Let’s assume we have multiple Zoom users belonging to a single Zoom account who create an organization on my website. What is the best way of authorizing the organization with my Zoom OAuth integration so that every user in the organization can create meetings?
Currently, I have a “Connect Zoom” button that appears in the organization’s settings. When one user belonging to an organization connects their Zoom account, every other user in the organization is then able to create meetings using the original user’s OAuth credentials. Is this the recommended way to handle this use case?
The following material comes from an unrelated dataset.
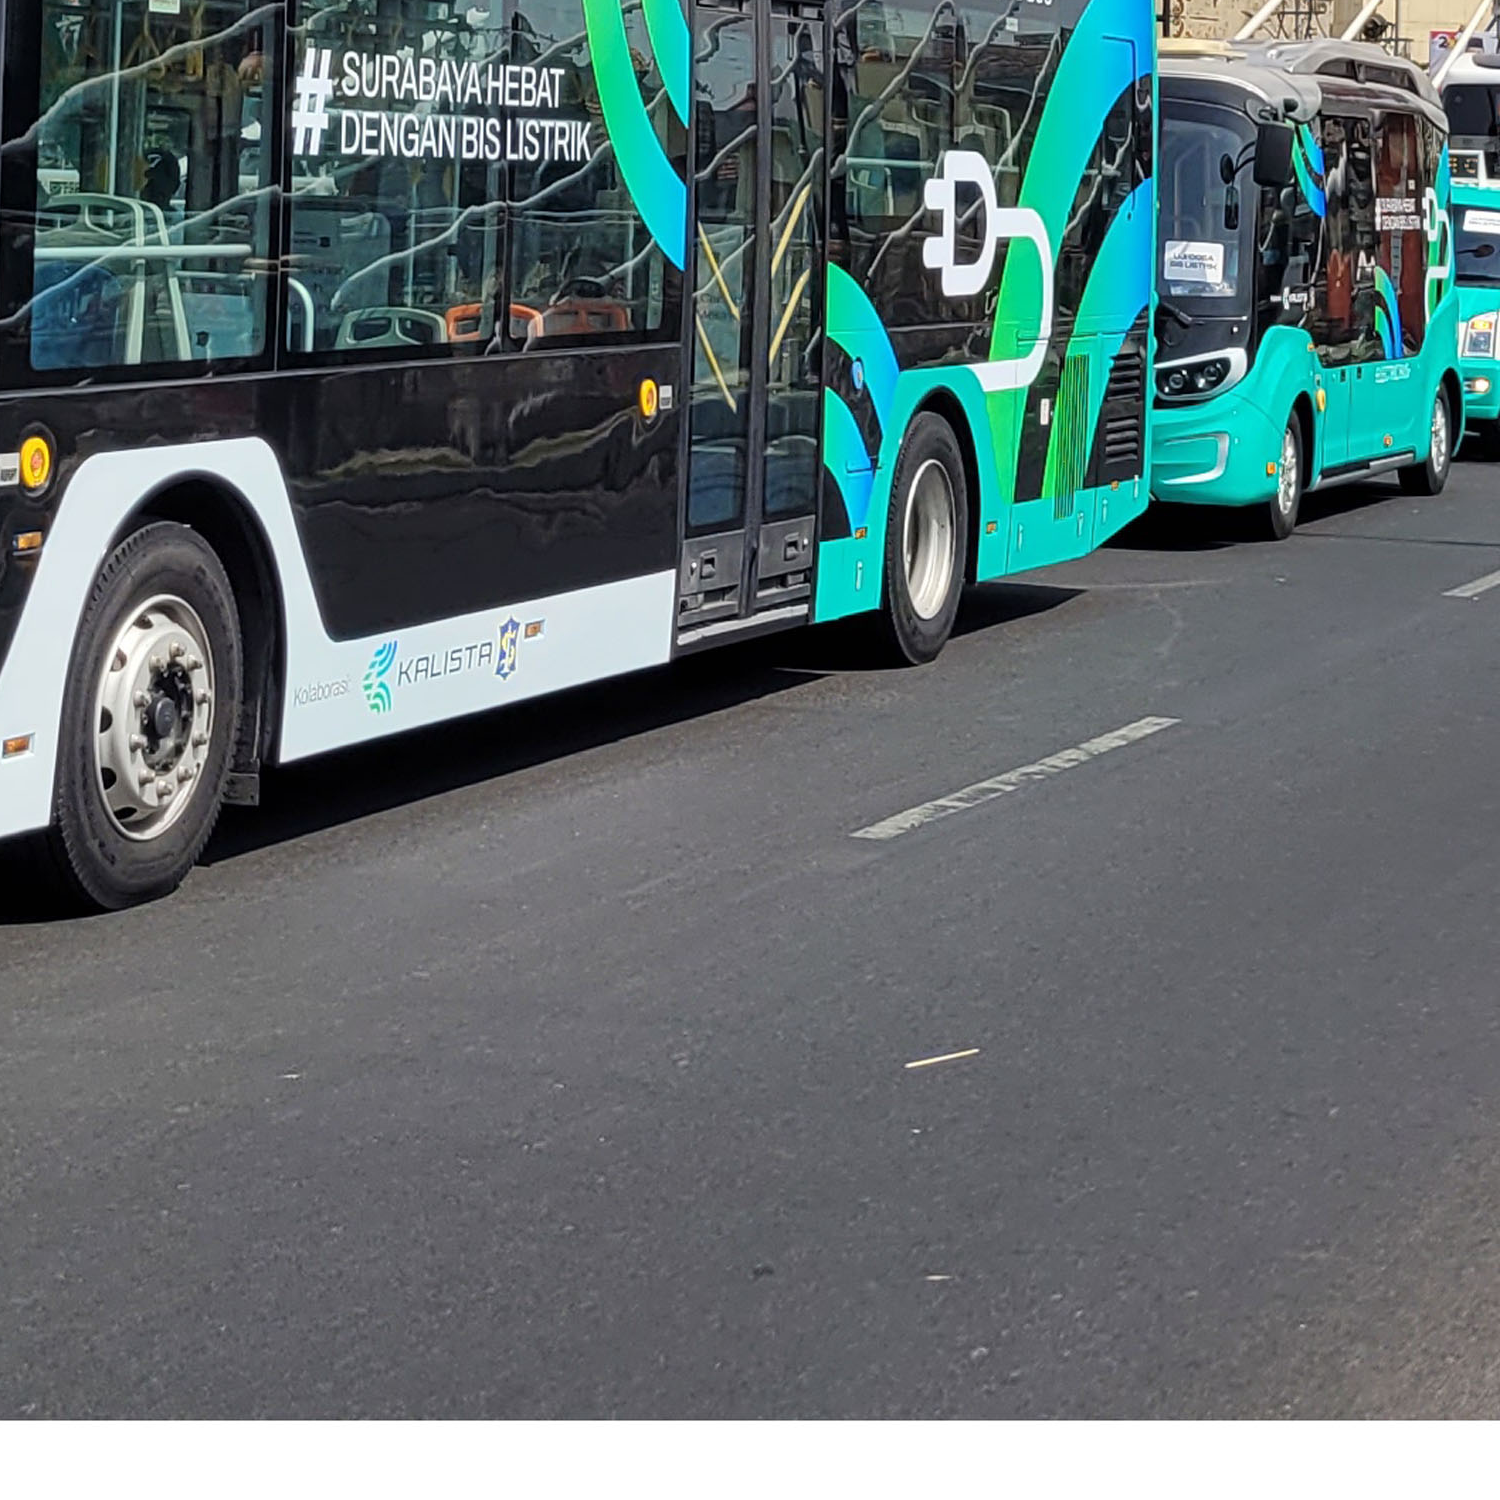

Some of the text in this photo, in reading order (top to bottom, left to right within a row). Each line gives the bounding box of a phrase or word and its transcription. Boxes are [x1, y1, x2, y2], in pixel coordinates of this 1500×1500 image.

[341, 50, 565, 108] SURABAYA HEBAT
[340, 108, 592, 162] DENGAN BIS LISTRIK
[397, 641, 492, 687] KALISTA
If so, what would be the best way to handle the authorized user leaving their organization?
Which App Type (OAuth / Chatbot / JWT / Webhook)?
OAuth
If you wish to authorize an entire Zoom account to have access/utilize your integration, the supported method of doing so programmatically would be to create an Account-Level OAuth App:
When you create an account-level oauth app, you allow account owners and admins to authorize your app/access on behalf of all users on their account.
Thanks Will! If the Zoom user who authorized our app is deleted, what happens to their access and refresh tokens (stored in our database)? Do they become invalid and require a new user from the account to re-authorize?
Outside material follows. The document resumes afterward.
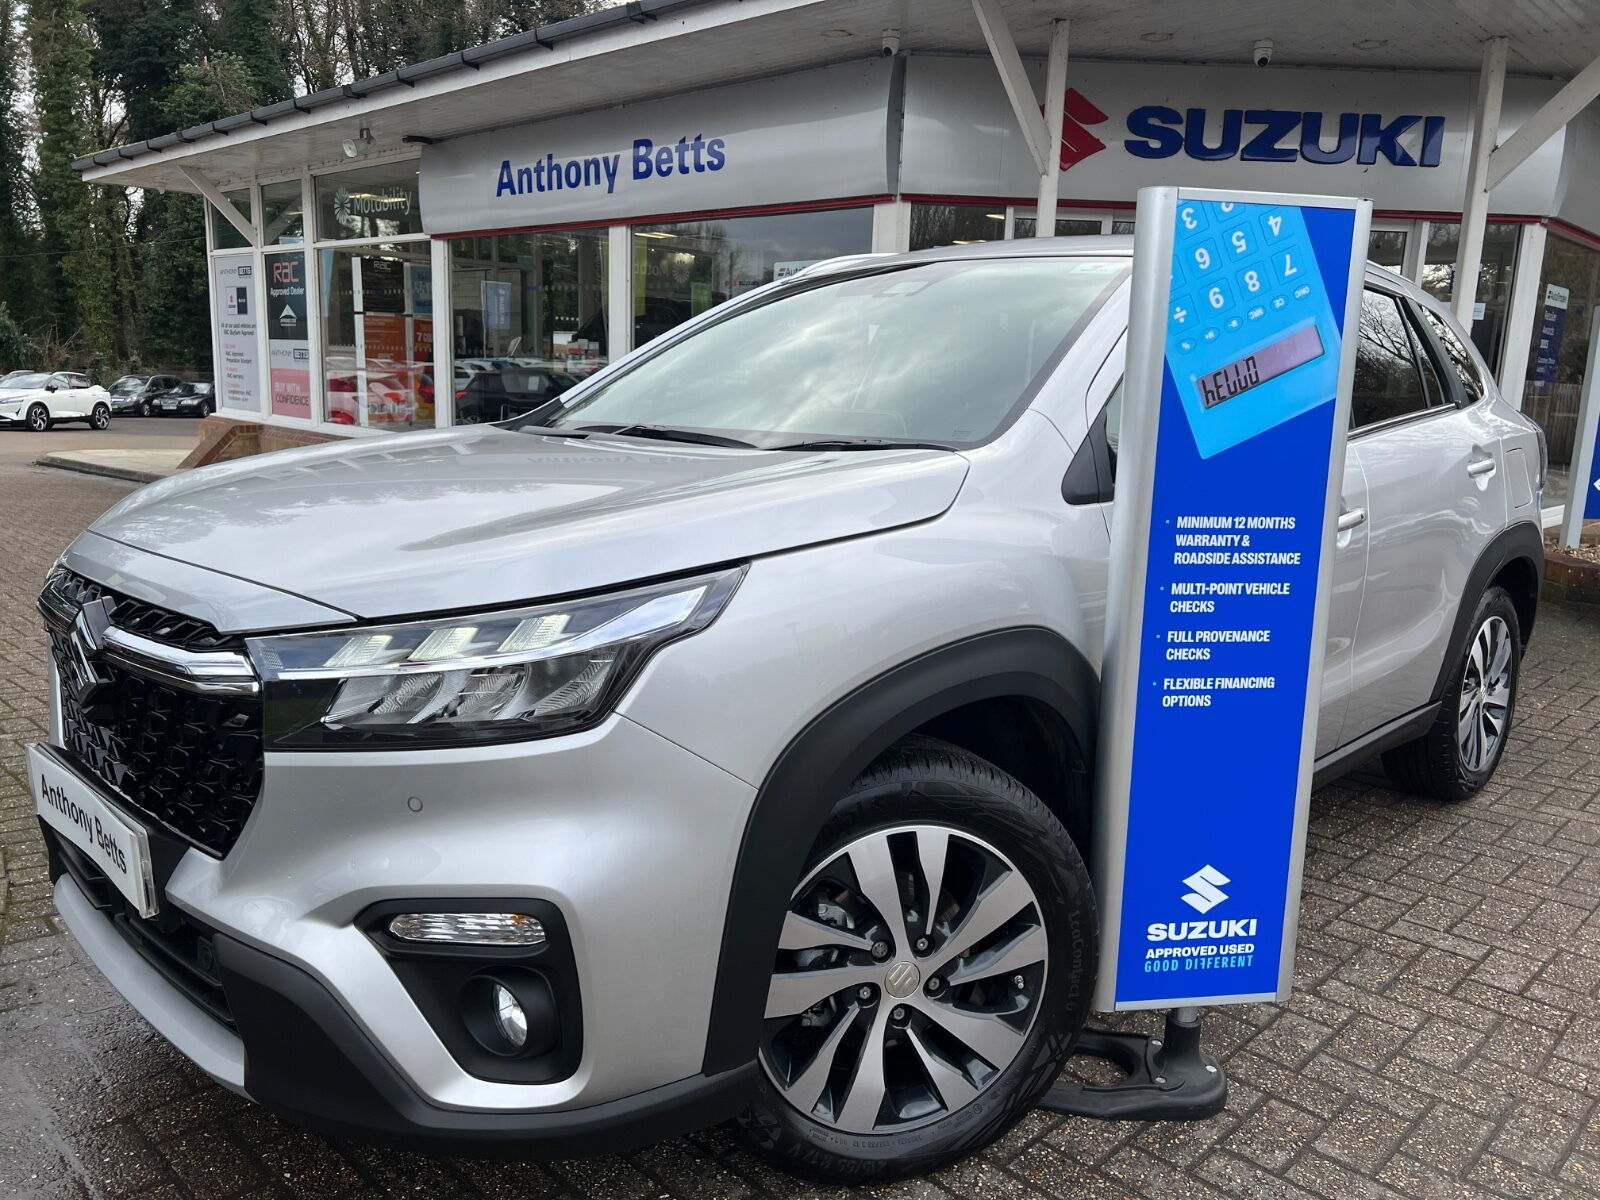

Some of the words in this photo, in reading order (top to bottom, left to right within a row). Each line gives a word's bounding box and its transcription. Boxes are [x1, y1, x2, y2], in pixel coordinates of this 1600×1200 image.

Good question—if the user who initially authorized the app is deleted, I do believe the app will remain authorized, as that user was authorized at the time of initial installation. This should not require a new user to re-authorize.
When I decode the access token, I see a “uid” field containing the user id of the user who originally authorized the app. If this user is deleted, it seems to me this token could potentially be understood by Zoom as invalid because this “uid” field now references a deleted user. Could you please verify the token would remain valid?
Thanks @will.zoom - really appreciate the support!
I can confirm that the token of the user who originally installed the app and the app authorization on behalf of an account will remain valid even if the original user who installed it is deleted. This ensures that any existing subscribers to the app will not be affected by the deletion of the original user who installed the account-level app.
Let me know if you have any other questions about this!